Text-to-region grounding data
##############################

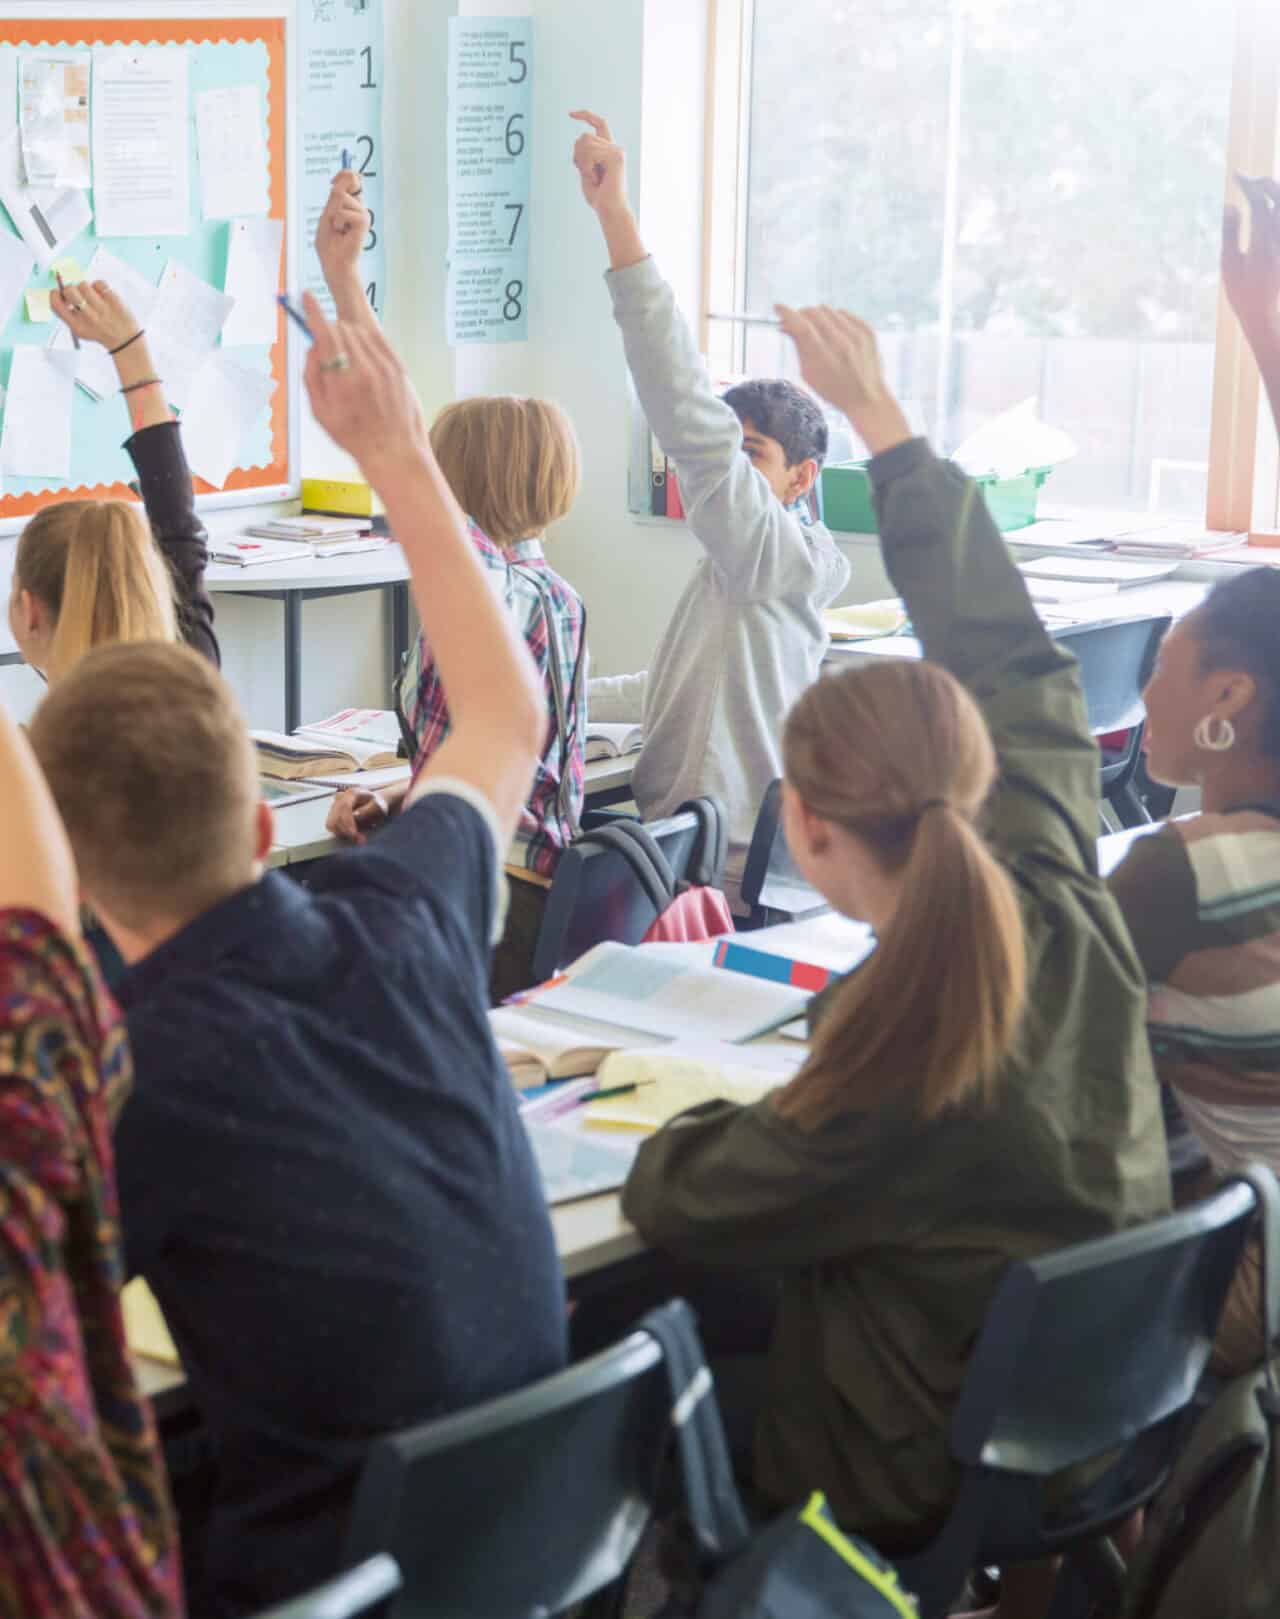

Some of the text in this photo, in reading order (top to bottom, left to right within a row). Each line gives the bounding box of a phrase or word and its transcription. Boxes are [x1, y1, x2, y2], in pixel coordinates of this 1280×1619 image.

[359, 45, 377, 88] 1
[507, 41, 527, 85] 5
[356, 135, 377, 177] 2
[505, 113, 525, 156] 6
[504, 203, 524, 246] 7
[503, 279, 522, 321] 8

##############################

WHAT NEEDS TO BE DONE: Reproduce every entry above exactly, and omit the pictures.

TASK RESPONSE:
Some of the text in this photo, in reading order (top to bottom, left to right within a row). Each line gives the bounding box of a phrase or word and its transcription. Boxes are [x1, y1, x2, y2], in pixel coordinates of this 1280×1619 image.

[359, 45, 377, 88] 1
[507, 41, 527, 85] 5
[356, 135, 377, 177] 2
[505, 113, 525, 156] 6
[504, 203, 524, 246] 7
[503, 279, 522, 321] 8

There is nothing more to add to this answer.